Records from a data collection
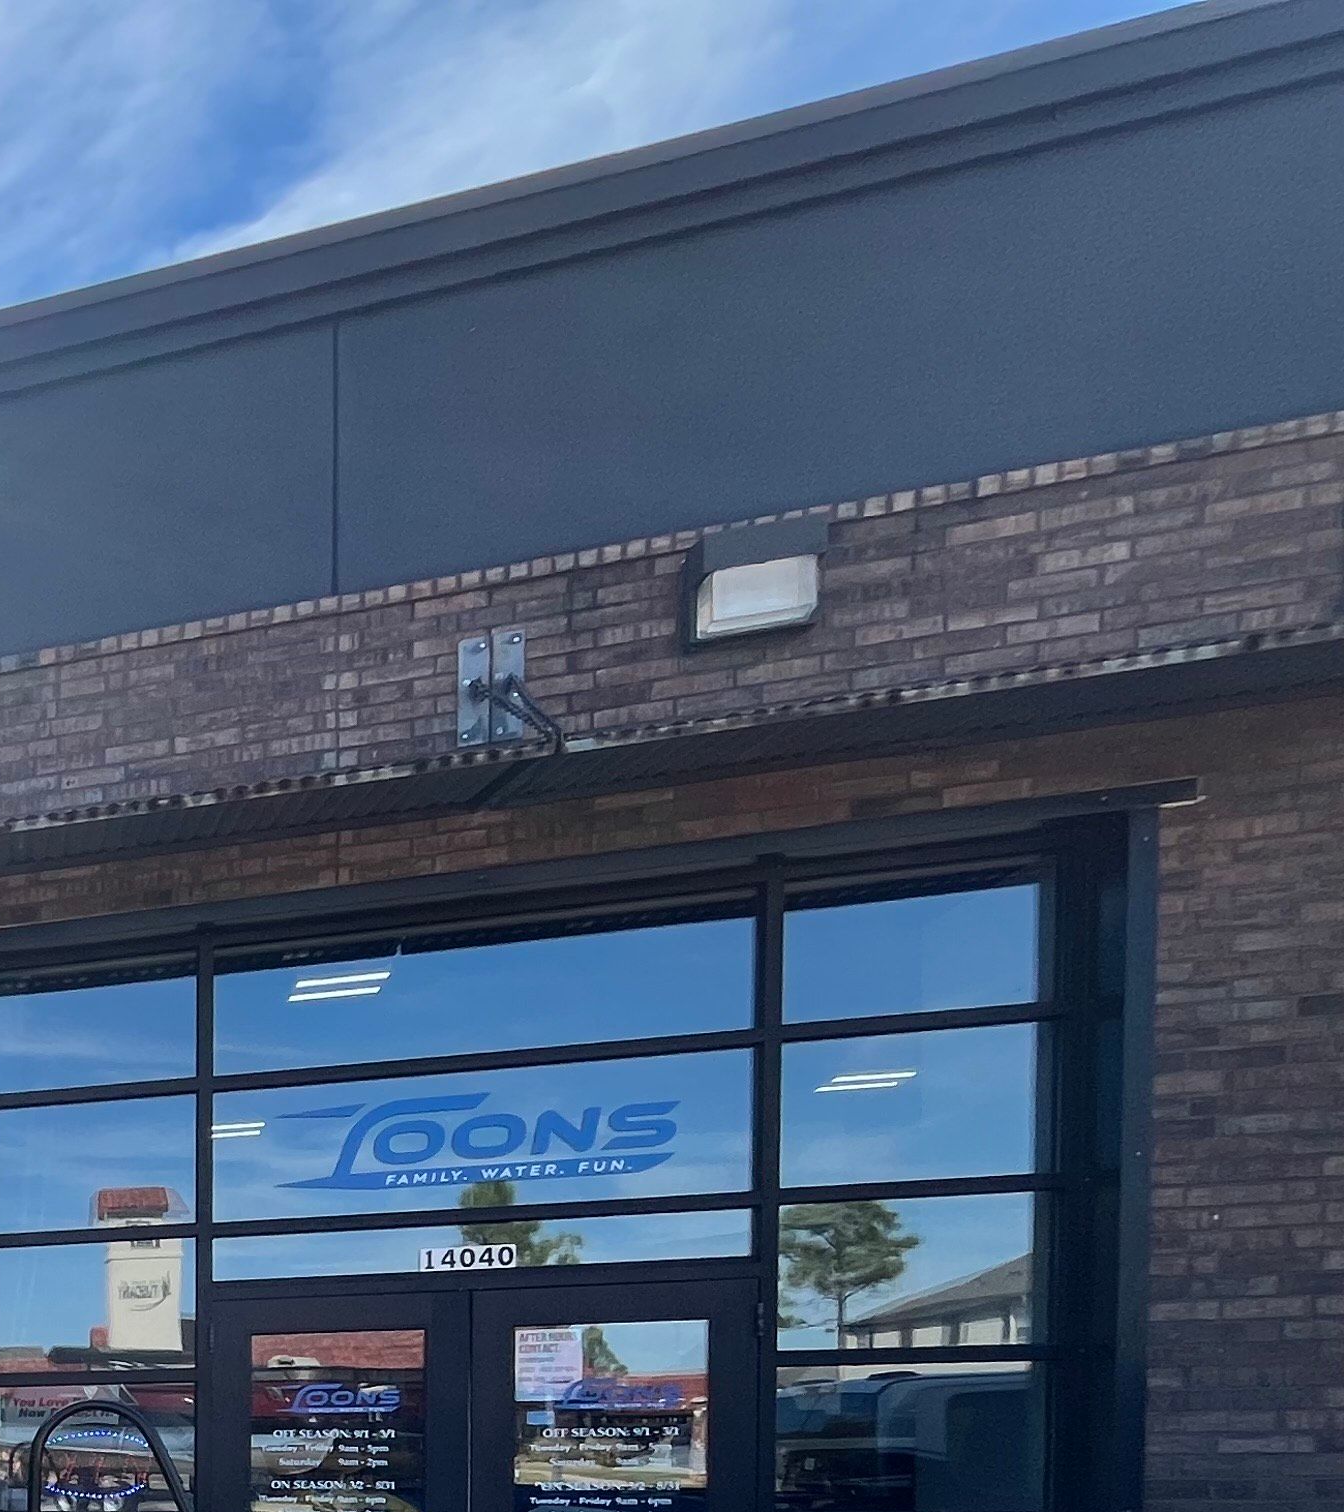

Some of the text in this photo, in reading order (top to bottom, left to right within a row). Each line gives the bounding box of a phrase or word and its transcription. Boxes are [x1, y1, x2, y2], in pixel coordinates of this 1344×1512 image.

[274, 1092, 680, 1176] TOONS
[385, 1159, 632, 1187] FAMILY. WATER. FUN.
[424, 1246, 515, 1270] 14040
[276, 1383, 402, 1410] TOONS
[272, 1428, 296, 1439] OFF
[542, 1427, 568, 1438] OFF
[270, 1480, 290, 1490] ON
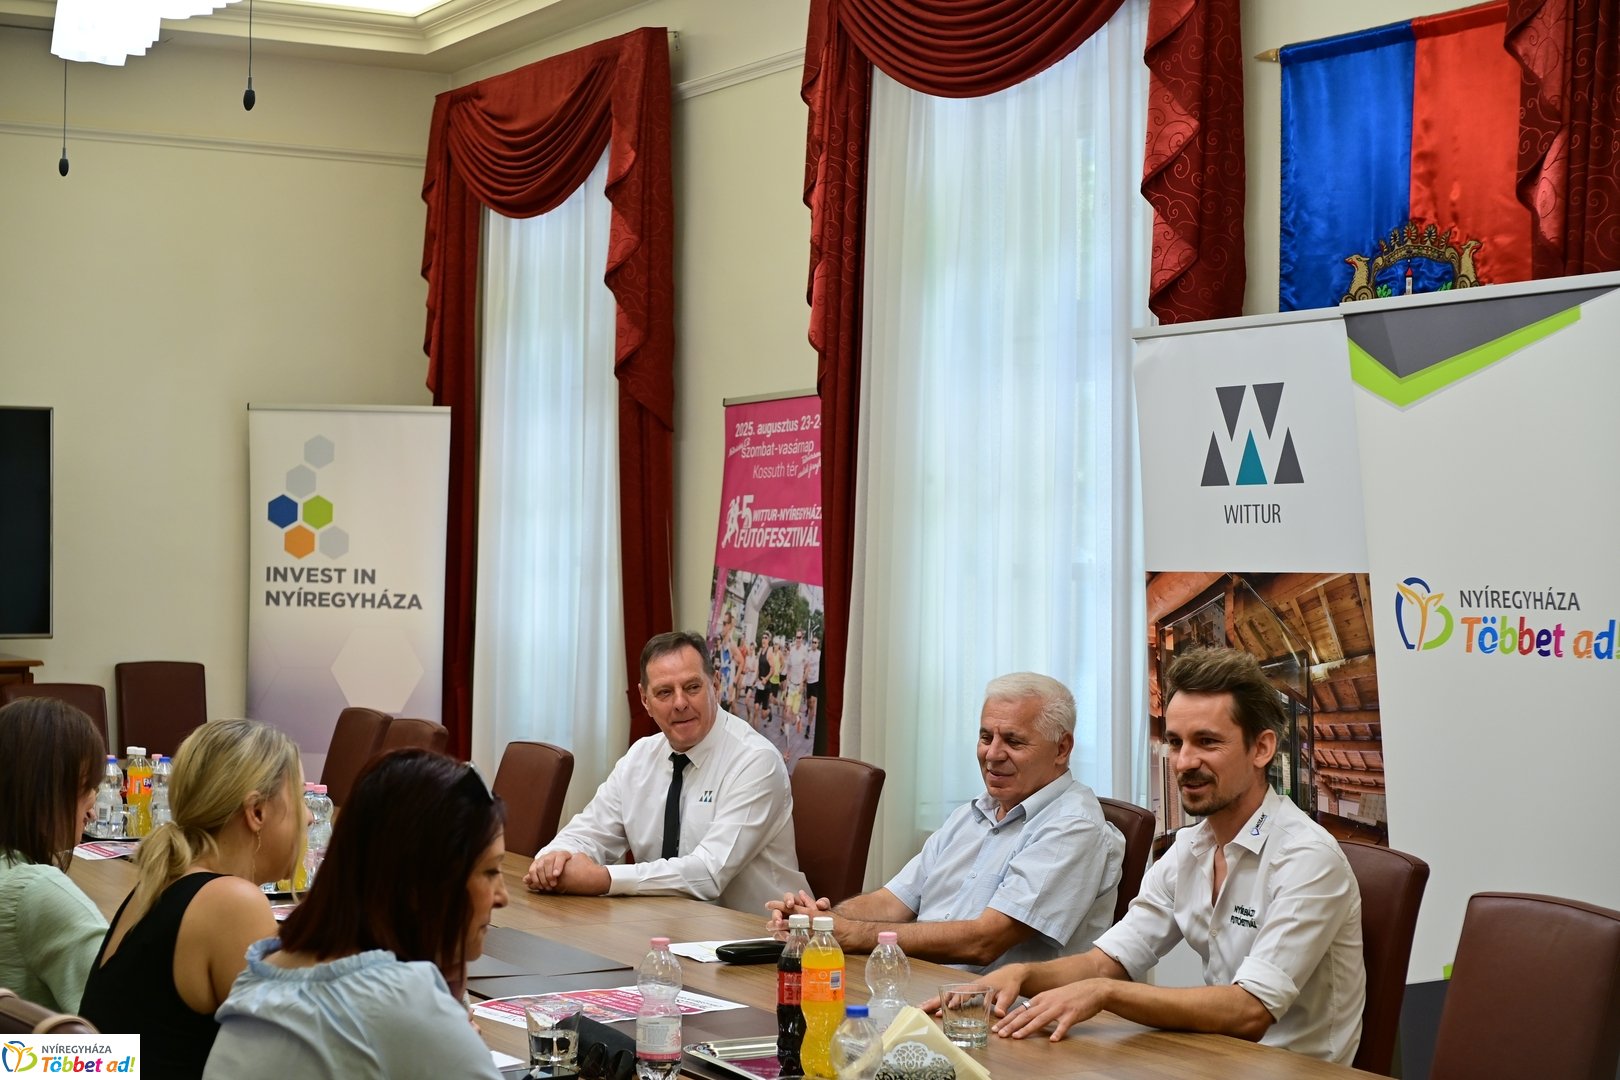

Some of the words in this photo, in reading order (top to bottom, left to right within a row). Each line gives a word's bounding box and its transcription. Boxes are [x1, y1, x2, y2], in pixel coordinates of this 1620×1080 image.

**Exercise instructions**
Write out the records once more, exactly as they stand, with no images.

**Finished task**
Some of the text in this photo, in reading order (top to bottom, left to right within a row). Each line gives the bounding box of a phrase or word and its transcription. Boxes are [x1, y1, x2, y2], in pixel coordinates of this 1344×1512 image.

[274, 1092, 680, 1176] TOONS
[385, 1159, 632, 1187] FAMILY. WATER. FUN.
[424, 1246, 515, 1270] 14040
[276, 1383, 402, 1410] TOONS
[272, 1428, 296, 1439] OFF
[542, 1427, 568, 1438] OFF
[270, 1480, 290, 1490] ON

Some of the words in this photo, in reading order (top to bottom, left to right within a row). Each line gives a word's bounding box and its transcription. Boxes are [x1, y1, x2, y2], in pixel coordinates of this 1620×1080 image.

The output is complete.